Guaranteed Renewable – A policy provision in many products which guarantees the policyowner the right to renew coverage at every policy anniversary date. The company does not have the right to cancel coverage except for nonpayment of premiums by the policyowner; however, the company can raise rates if they choose.
Guaranty Association- An organization of life insurance companies within a state responsible for covering the financial obligations of a member company that becomes insolvent.
Hazard -A circumstance that increases the likelihood or probable severity of a loss. For example, the storing of explosives in a home basement is a hazard that increases the probability of an explosion.
Hazardous Activity- Bungee jumping, scuba diving, horse riding and other activities not generally covered by standard insurance policies. For insurers that do provide cover for such activities, it is unlikely they will cover liability and personal accident, which should be provided by the company hosting the activity.

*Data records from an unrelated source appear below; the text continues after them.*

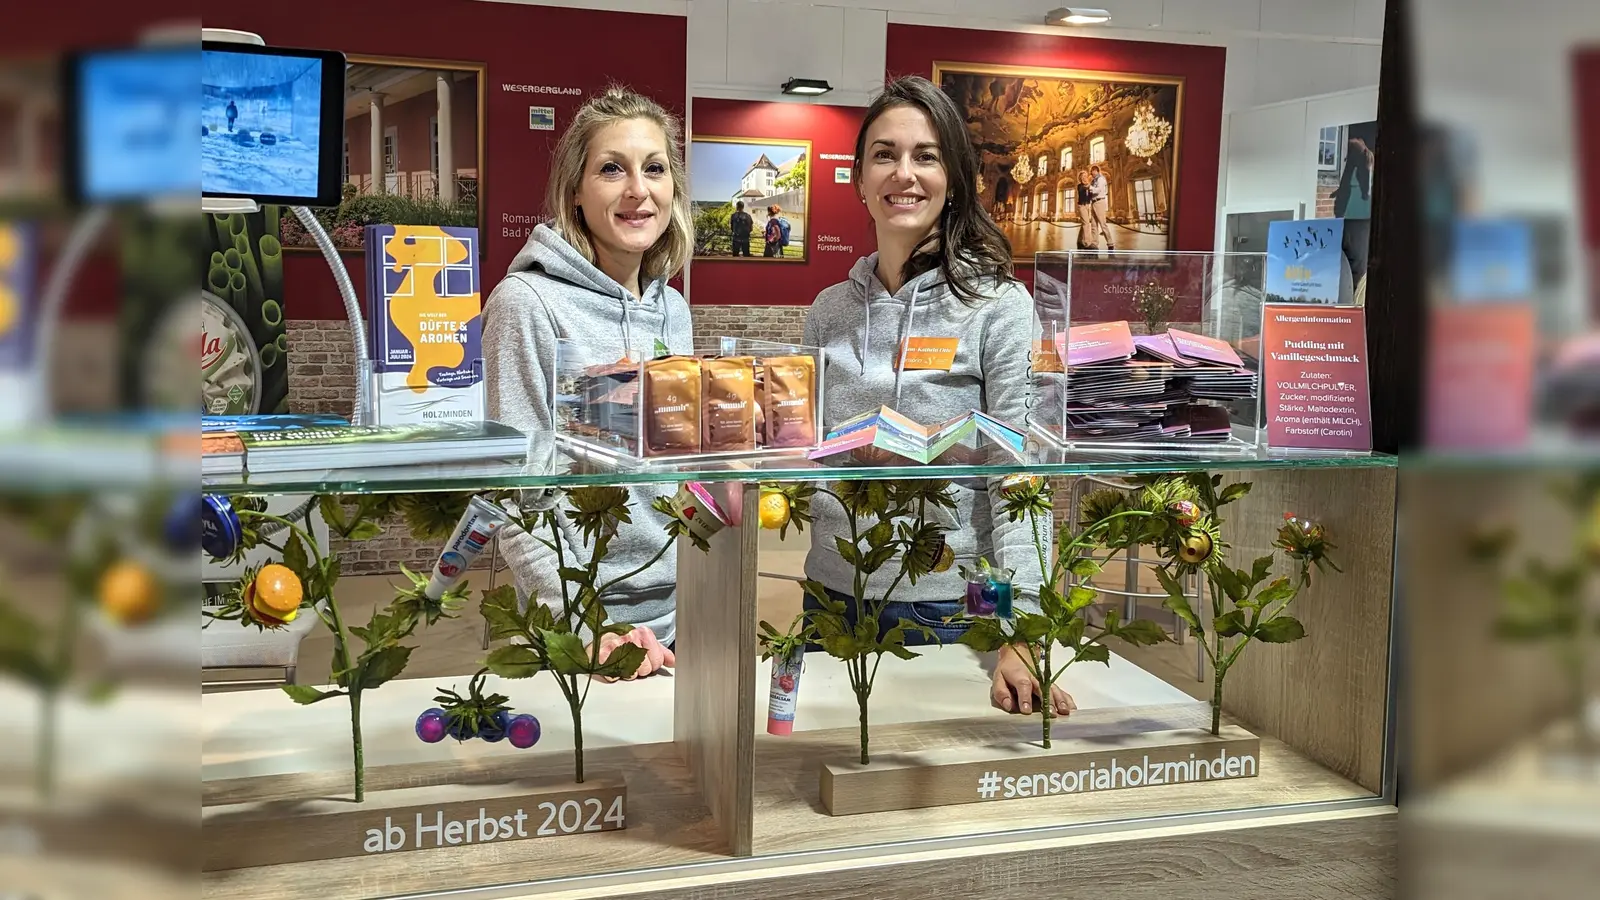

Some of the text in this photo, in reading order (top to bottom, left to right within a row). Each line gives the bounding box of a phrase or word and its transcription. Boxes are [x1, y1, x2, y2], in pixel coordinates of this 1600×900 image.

[502, 83, 582, 96] WESERBERGLAND
[502, 227, 521, 238] Bad
[817, 234, 841, 243] Schloss
[817, 243, 853, 253] Fürstenberg
[1103, 284, 1133, 294] Schloss
[1274, 315, 1352, 324] Allergeninformation
[419, 319, 468, 332] DÜFTE &
[420, 333, 468, 344] AROMEN
[1284, 340, 1345, 350] Pudding mit
[1270, 352, 1360, 363] Vanillegeschmack
[1300, 371, 1332, 379] Zutaten:
[1276, 382, 1357, 392] VOLLMILCHPULVER,
[667, 395, 677, 404] 4g
[1280, 392, 1355, 402] Zucker, modifizierte
[423, 409, 473, 419] HOLZMINDEN
[1279, 404, 1357, 414] Stärke, Maltodextrin,
[1275, 415, 1301, 423] Aroma
[1302, 416, 1331, 425] (enthält
[1285, 427, 1353, 437] Farbstoff (Carotin)
[452, 514, 479, 551] parodontax
[977, 748, 1256, 799] #sensoriaholzminden
[363, 795, 625, 853] ab Herbst 2024

Health Maintenance Organization (HMO) – Prepaid group health insurance plan that entitles members to services of participating physicians, hospitals and clinics. Emphasis is on preventative medicine, and members must use contracted health-care providers.
Health Reimbursement Arrangement- Owners of high-deductible health plans who are not qualified for a health savings account can use an HRA.
Health Savings Account – Plan that allows you to contribute pre-tax money to be used for qualified medical expenses. HSAs, which are portable, must be linked to a high-deductible health insurance policy.
Hurricane Deductible- Amount you must pay out-of-pocket before hurricane insurance will kick in. Many insurers in hurricane-prone states are selling homeowners insurance policies with percentage deductibles for storm damage, instead of the traditional dollar deductibles used for claims such as fire and theft. Percentage deductibles vary from one percent of a home’s insured value to 15 percent, depending on many factors that differ by state and insurer.